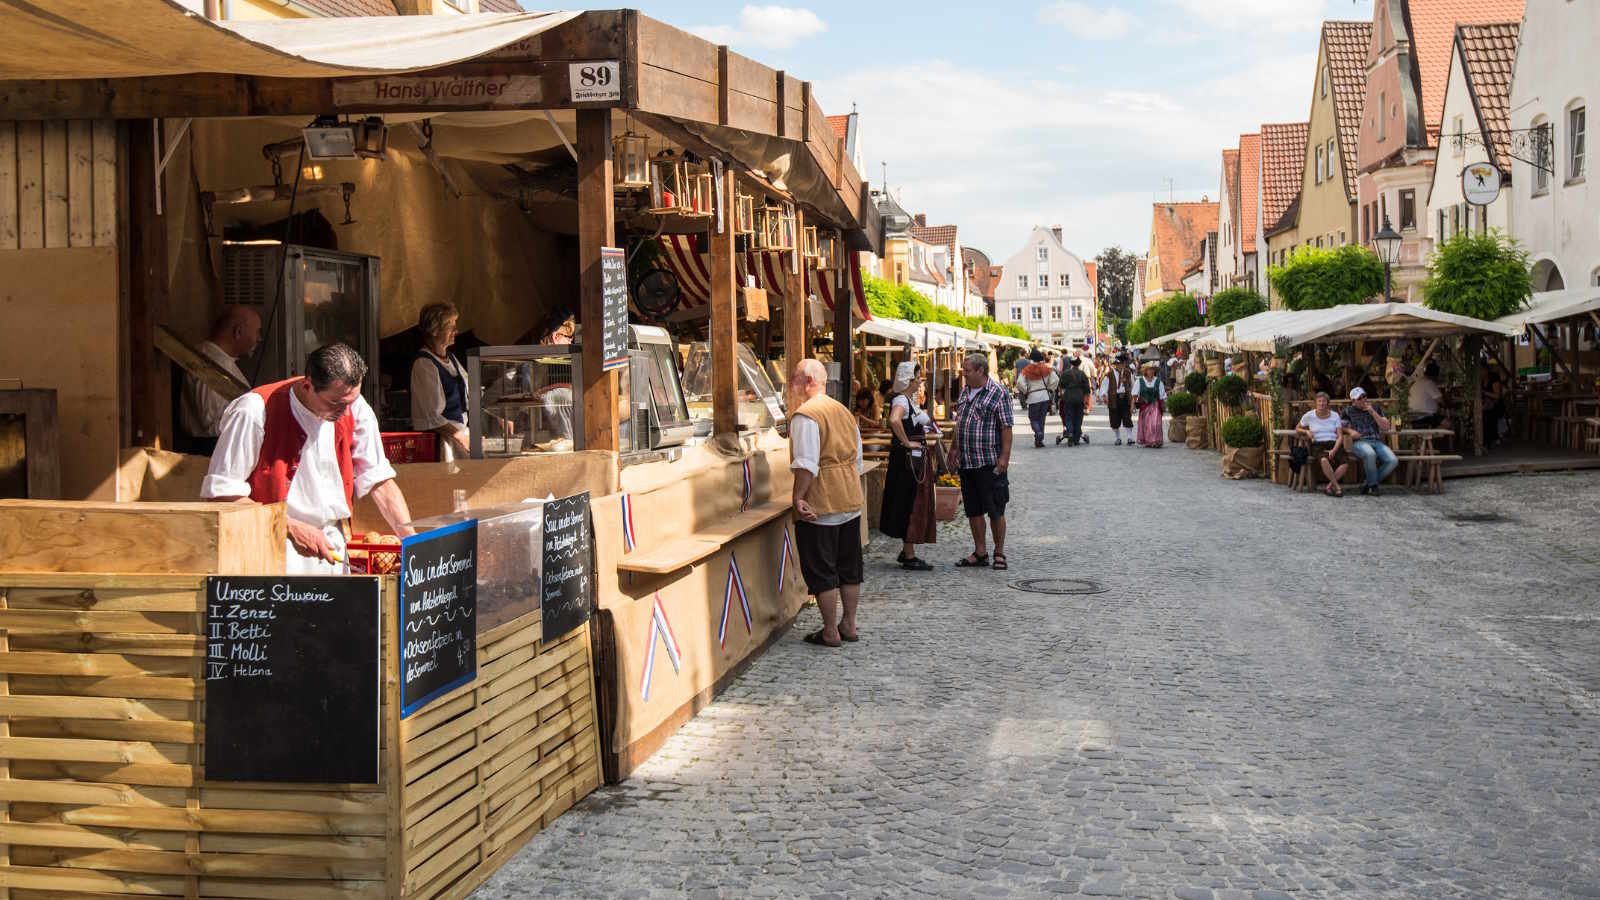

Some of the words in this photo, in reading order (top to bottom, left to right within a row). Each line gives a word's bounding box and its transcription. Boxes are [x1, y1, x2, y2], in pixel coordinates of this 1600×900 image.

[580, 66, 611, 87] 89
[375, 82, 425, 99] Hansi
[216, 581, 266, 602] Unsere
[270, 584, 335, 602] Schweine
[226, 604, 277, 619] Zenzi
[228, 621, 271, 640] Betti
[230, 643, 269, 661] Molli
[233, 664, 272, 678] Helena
....................
### Exercise:
Return the material word for word, images omitted.

### Expected answer:
Some of the words in this photo, in reading order (top to bottom, left to right within a row). Each line gives a word's bounding box and its transcription. Boxes are [x1, y1, x2, y2], in pixel coordinates of this 1600×900 image.

[580, 66, 611, 87] 89
[375, 82, 425, 99] Hansi
[216, 581, 266, 602] Unsere
[270, 584, 335, 602] Schweine
[226, 604, 277, 619] Zenzi
[228, 621, 271, 640] Betti
[230, 643, 269, 661] Molli
[233, 664, 272, 678] Helena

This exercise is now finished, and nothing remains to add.